She knew that something about her borrowed memories of the books she'd loved so much was twisted in some peculiar way. Everything was changed, somehow. Similar — but different. She knew it, but didn't know how or why. 
        But she went on excitedly, "And the others… Samm and Merrie and Peppin…" Again, the unfamiliar familiarity. "Are they here, too? Will I meet them?"
        His face was grim. "Real they were. I can only hope they are now dead, else worse befell them."
        Sara was shocked. "Dead? You can't mean that. I thought they all returned to… To the Westshire…"  Westshire? Another tampered memory. "…and lived happily ever after."
        "In your world's story, perhaps. If you know of their journey, know you that it proved a fool's errand." He added bitterly, "My errand."
        She thought about this for a while, replaying the story in her borrowed memory. Yes, there was an errand, an important errand. "Then — the Ring…?"
        "Is lost. And all is lost. We flee pointlessly from Soraun's almighty wrath, and He toys with us. The calamity of our plight has resounded through the heavens, and in response, they have sent you."
        Lost? she thought. She told him, "That's not what happened — I read the book. You can't possibly mean it. That would be… I mean, it's… What do you mean, they sent me?"
        He studied her yet again, in obvious disappointment. "I know of your legends, but I wonder if even such power can do ought to stem the tide of evil unleashed upon our world. And even if, in falling, thus will serve to spread this foul malignancy throughout the Cosmos. Your unsummoned presence seems to say that there is such concern among your cryptic senders."

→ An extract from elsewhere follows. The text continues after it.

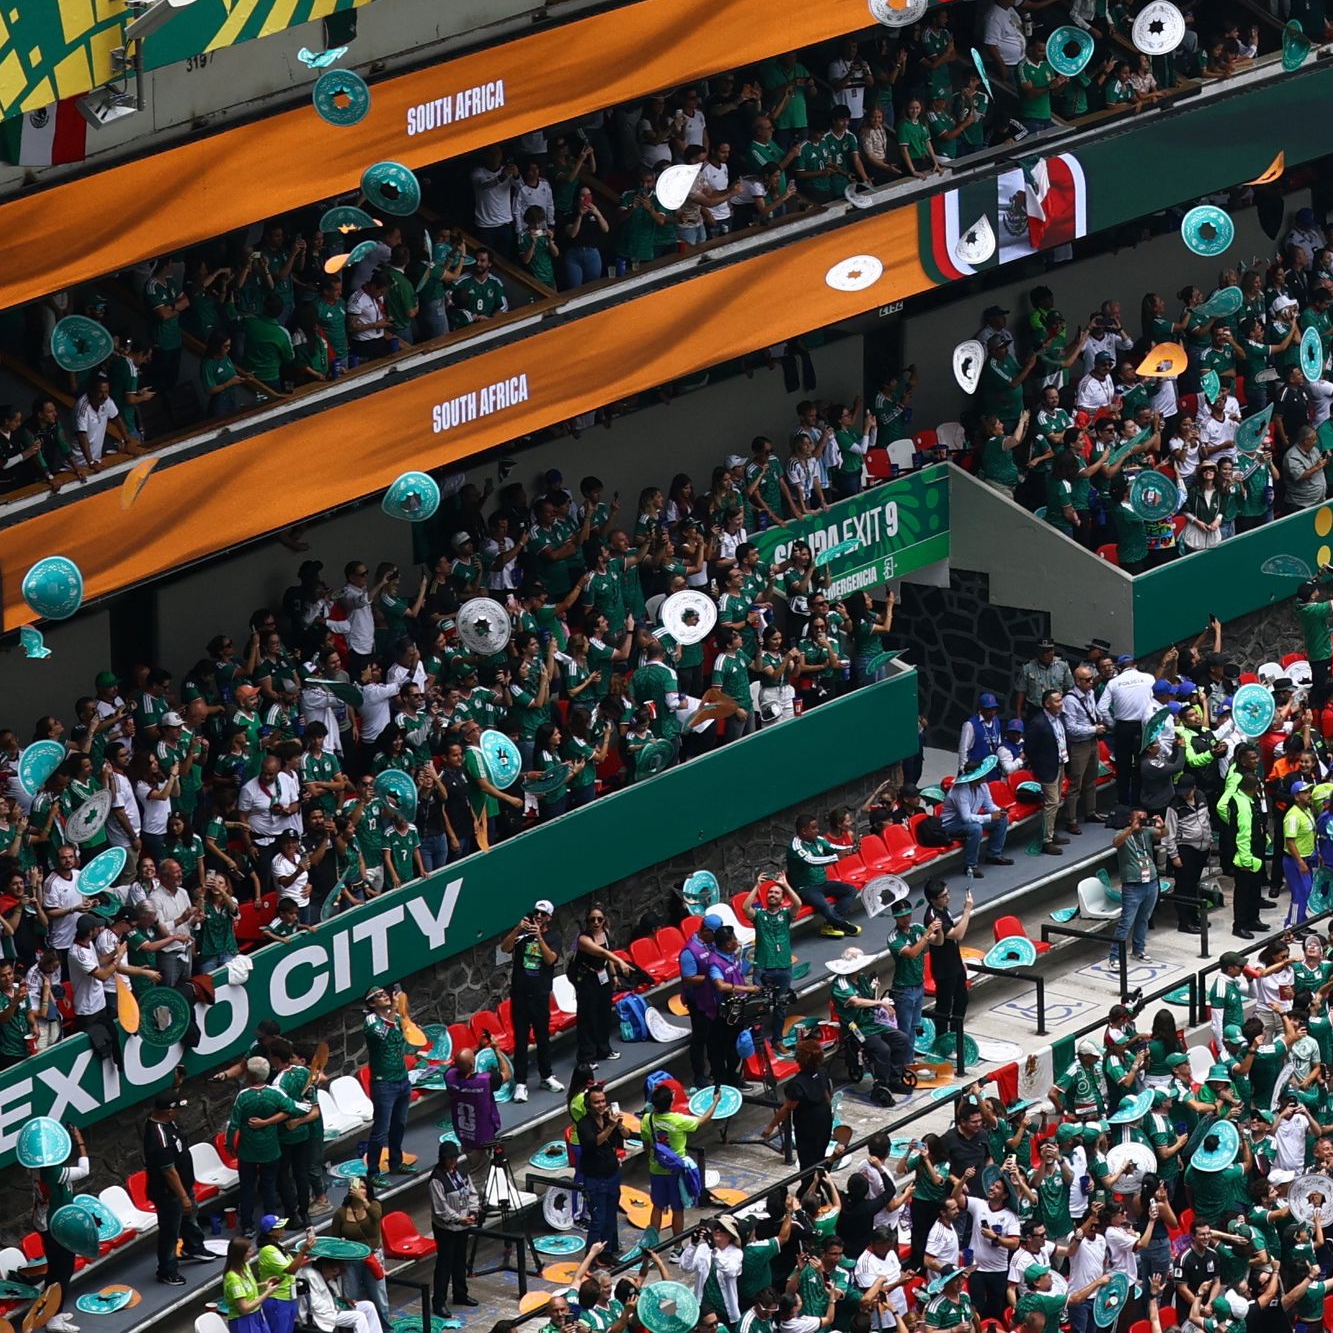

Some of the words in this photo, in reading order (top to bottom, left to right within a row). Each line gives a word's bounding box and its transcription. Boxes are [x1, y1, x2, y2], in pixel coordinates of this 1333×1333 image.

        She had been sent here, just as Sara had been sent to another world. It may be her purpose was clearer this time, that the strange alteration of the stories she knew was to be her guide. "Then, I'm on a mission?"
        "It would seem. One that has started too late, I fear." Defeat and failure poured from his tone, his body language, his bowed attitude.
        This disturbed her. He should be buoyed by her arrival, shouldn't he? She was the cavalry, the deus ex machina here to save the day at the last moment. But then, if the Ring had returned to its Master and all Midgarde had fallen, what could she do to bring any of that back?
        And what of her? Just seemingly uprooted from some other existence and plopped unceremoniously into the middle of a terrible crisis. It was obvious to her that things were amiss. It should not have been this way. Would there be no childhood for her, no wonder-filled revelations at the discovery of a new, fresh world? She had been provided with the memories she needed to begin her existence with no preliminaries, no slow processes of learning about this world and its people, no love. She knew barely enough to begin to feel the loss.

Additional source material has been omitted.